◆ Given entries
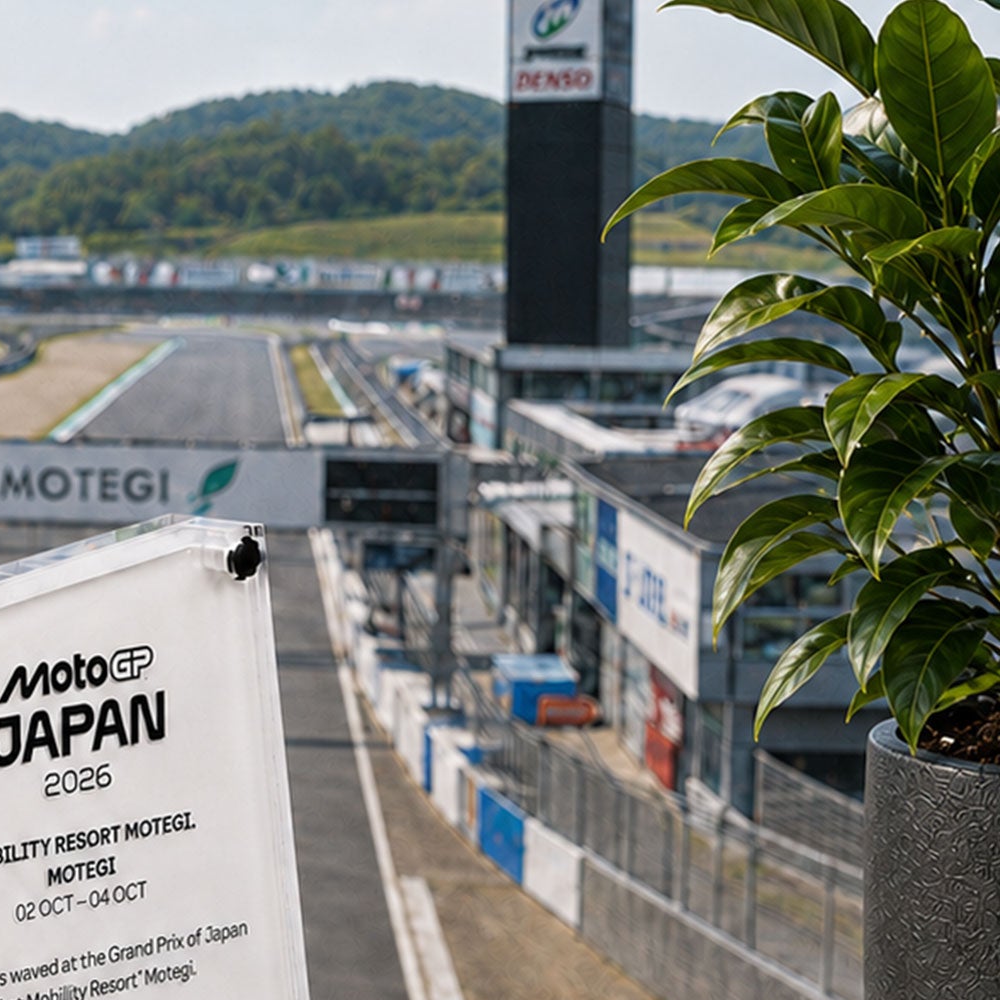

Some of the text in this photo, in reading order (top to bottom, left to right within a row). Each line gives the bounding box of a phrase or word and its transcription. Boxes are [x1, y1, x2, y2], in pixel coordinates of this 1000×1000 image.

[515, 68, 593, 91] DENSO
[0, 464, 170, 504] MOTEGI
[44, 763, 112, 797] 2026
[55, 825, 121, 854] RESORT
[47, 856, 117, 887] MOTEGI
[15, 901, 36, 922] 02
[39, 894, 75, 917] OCT
[89, 888, 110, 908] 04
[113, 880, 148, 903] OCT
[10, 956, 59, 984] waved
[61, 956, 78, 973] at
[81, 950, 106, 970] the
[108, 938, 153, 964] Grand
[156, 933, 185, 954] Prix
[187, 927, 202, 948] of
[205, 922, 248, 945] Japan
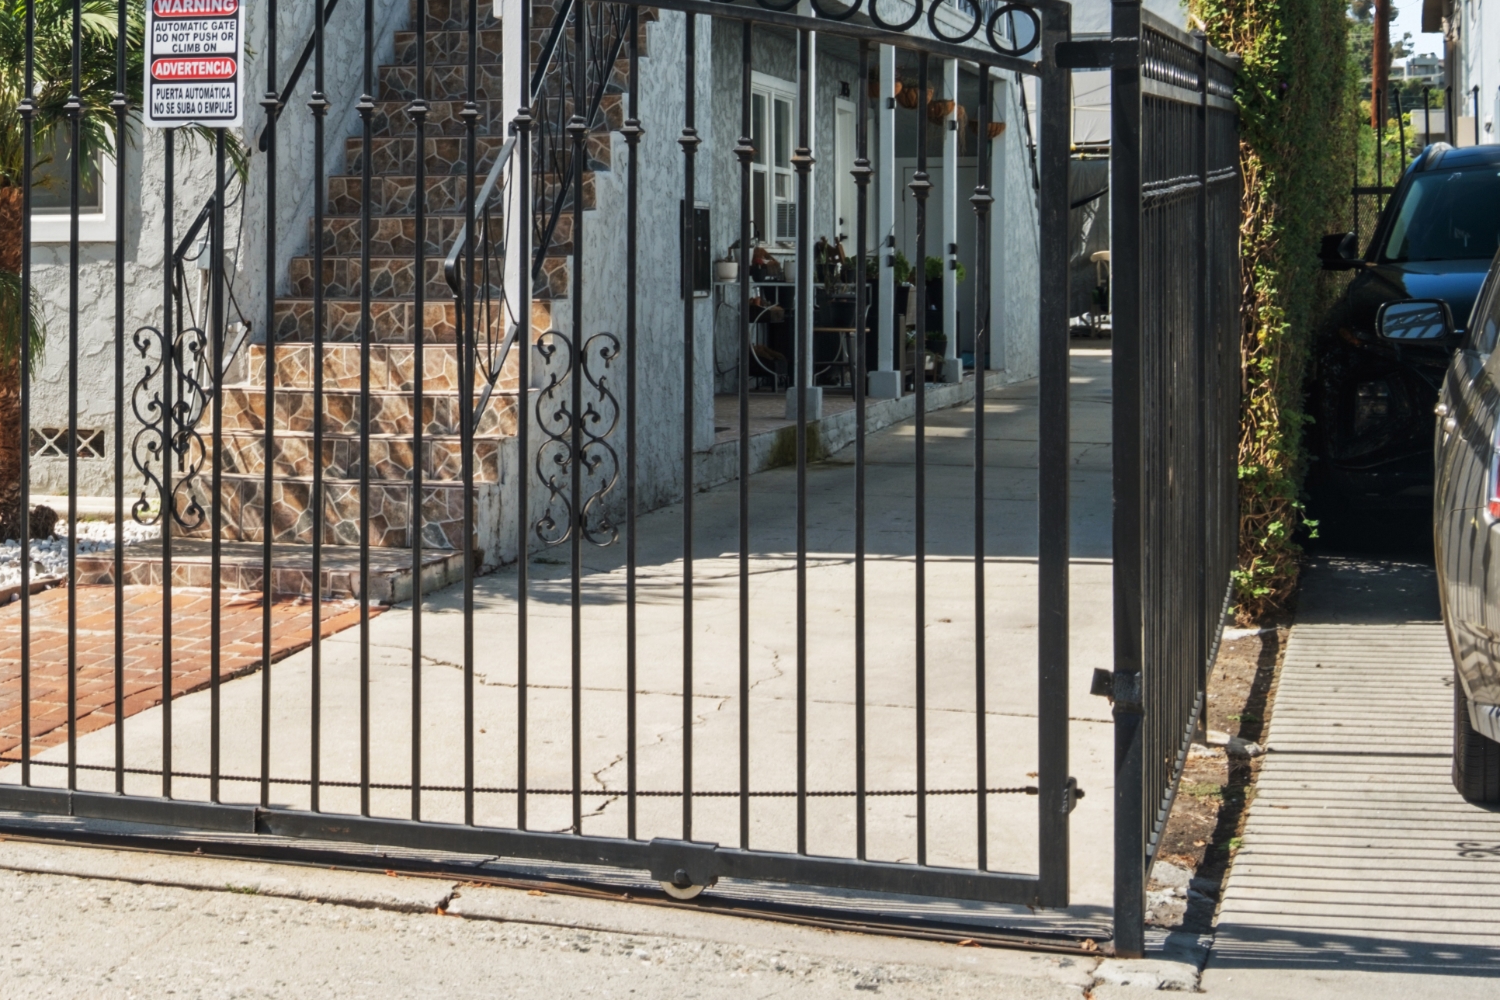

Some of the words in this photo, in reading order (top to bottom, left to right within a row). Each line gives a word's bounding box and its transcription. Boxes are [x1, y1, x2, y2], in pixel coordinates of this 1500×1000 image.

[155, 22, 208, 32] AUTOMATIC
[211, 21, 235, 31] GATE
[156, 33, 169, 43] DO
[171, 33, 190, 42] NOT
[193, 32, 218, 42] PUSH
[221, 32, 234, 41] OR
[172, 44, 201, 53] CLIMB
[203, 43, 217, 52] ON
[155, 61, 233, 75] ADVERTENCIA
[156, 88, 183, 100] PUERTA
[154, 103, 164, 114] NO
[166, 102, 175, 114] SE
[177, 102, 195, 114] SUBA
[197, 102, 203, 113] O
[205, 102, 233, 114] EMPUJE

◆ Exercise
None of the pictures should be copied, but every record above must be returned exactly.

◆ Task response
Some of the text in this photo, in reading order (top to bottom, left to right within a row). Each line gives the bounding box of a phrase or word and its transcription. Boxes are [x1, y1, x2, y2], in pixel coordinates of this 1000×1000 image.

[515, 68, 593, 91] DENSO
[0, 464, 170, 504] MOTEGI
[44, 763, 112, 797] 2026
[55, 825, 121, 854] RESORT
[47, 856, 117, 887] MOTEGI
[15, 901, 36, 922] 02
[39, 894, 75, 917] OCT
[89, 888, 110, 908] 04
[113, 880, 148, 903] OCT
[10, 956, 59, 984] waved
[61, 956, 78, 973] at
[81, 950, 106, 970] the
[108, 938, 153, 964] Grand
[156, 933, 185, 954] Prix
[187, 927, 202, 948] of
[205, 922, 248, 945] Japan

Some of the words in this photo, in reading order (top to bottom, left to right within a row). Each line gives a word's bounding box and its transcription. Boxes are [x1, y1, x2, y2], in pixel coordinates of this 1500×1000 image.

[155, 22, 208, 32] AUTOMATIC
[211, 21, 235, 31] GATE
[156, 33, 169, 43] DO
[171, 33, 190, 42] NOT
[193, 32, 218, 42] PUSH
[221, 32, 234, 41] OR
[172, 44, 201, 53] CLIMB
[203, 43, 217, 52] ON
[155, 61, 233, 75] ADVERTENCIA
[156, 88, 183, 100] PUERTA
[154, 103, 164, 114] NO
[166, 102, 175, 114] SE
[177, 102, 195, 114] SUBA
[197, 102, 203, 113] O
[205, 102, 233, 114] EMPUJE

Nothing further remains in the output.